**Records from a data source**

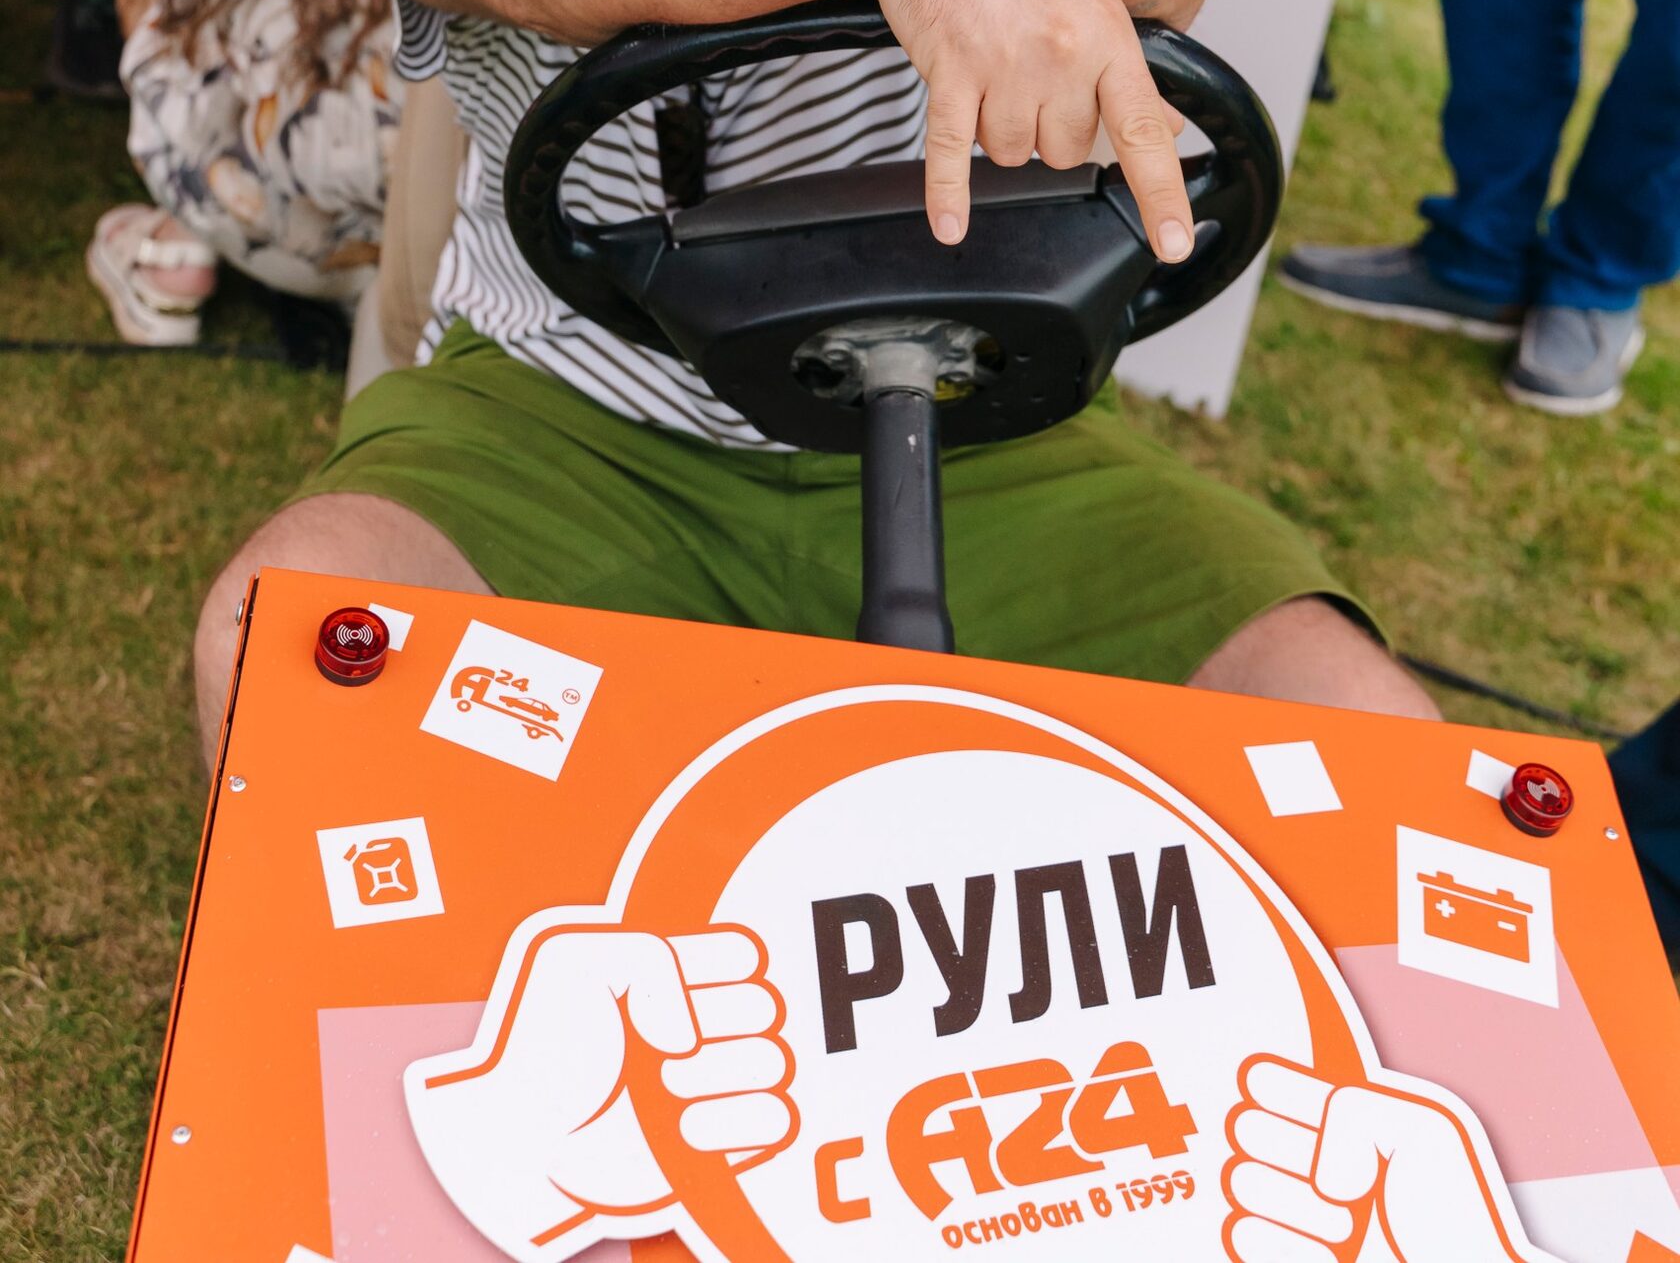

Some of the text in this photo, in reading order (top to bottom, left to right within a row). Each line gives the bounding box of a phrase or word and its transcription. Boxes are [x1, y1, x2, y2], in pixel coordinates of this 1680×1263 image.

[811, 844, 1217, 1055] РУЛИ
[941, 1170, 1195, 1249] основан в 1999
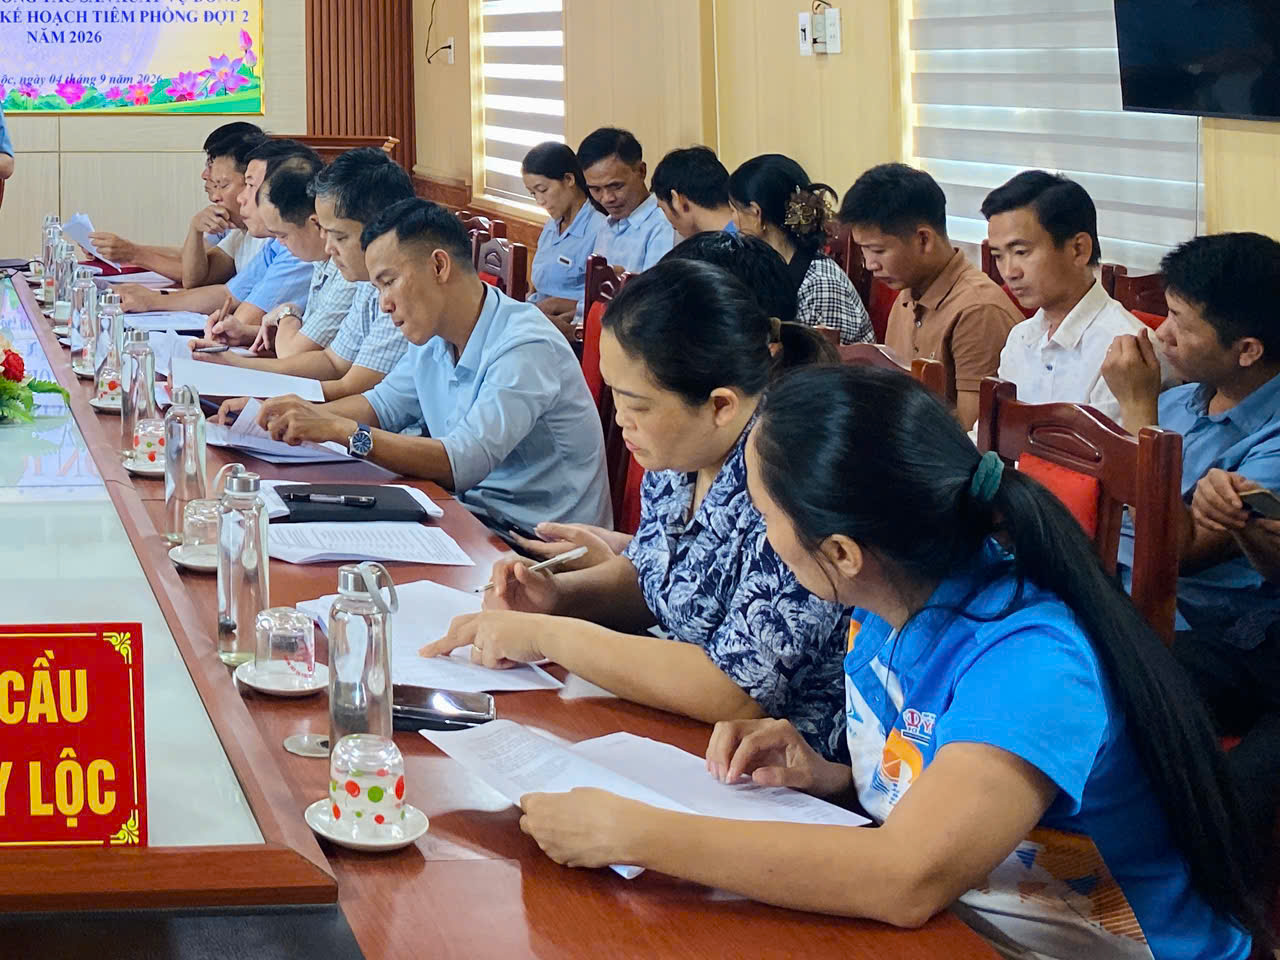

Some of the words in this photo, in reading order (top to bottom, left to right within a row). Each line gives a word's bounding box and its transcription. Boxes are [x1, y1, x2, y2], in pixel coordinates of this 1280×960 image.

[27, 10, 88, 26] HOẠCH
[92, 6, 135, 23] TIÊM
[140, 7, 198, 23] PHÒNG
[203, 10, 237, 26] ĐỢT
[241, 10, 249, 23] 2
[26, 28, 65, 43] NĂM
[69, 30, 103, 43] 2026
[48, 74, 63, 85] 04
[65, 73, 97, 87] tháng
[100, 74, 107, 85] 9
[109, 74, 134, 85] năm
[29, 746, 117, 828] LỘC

**YOUR INSTRUCTIONS**
With images omitted, retype the data word for word.

**SOLUTION TO THE PROBLEM**
Some of the text in this photo, in reading order (top to bottom, left to right within a row). Each line gives the bounding box of a phrase or word and its transcription. Boxes are [x1, y1, x2, y2], in pixel coordinates of this 1680×1263 image.

[811, 844, 1217, 1055] РУЛИ
[941, 1170, 1195, 1249] основан в 1999

Some of the words in this photo, in reading order (top to bottom, left to right within a row). Each line gives a word's bounding box and its transcription. Boxes are [x1, y1, x2, y2], in pixel coordinates of this 1280×960 image.

[27, 10, 88, 26] HOẠCH
[92, 6, 135, 23] TIÊM
[140, 7, 198, 23] PHÒNG
[203, 10, 237, 26] ĐỢT
[241, 10, 249, 23] 2
[26, 28, 65, 43] NĂM
[69, 30, 103, 43] 2026
[48, 74, 63, 85] 04
[65, 73, 97, 87] tháng
[100, 74, 107, 85] 9
[109, 74, 134, 85] năm
[29, 746, 117, 828] LỘC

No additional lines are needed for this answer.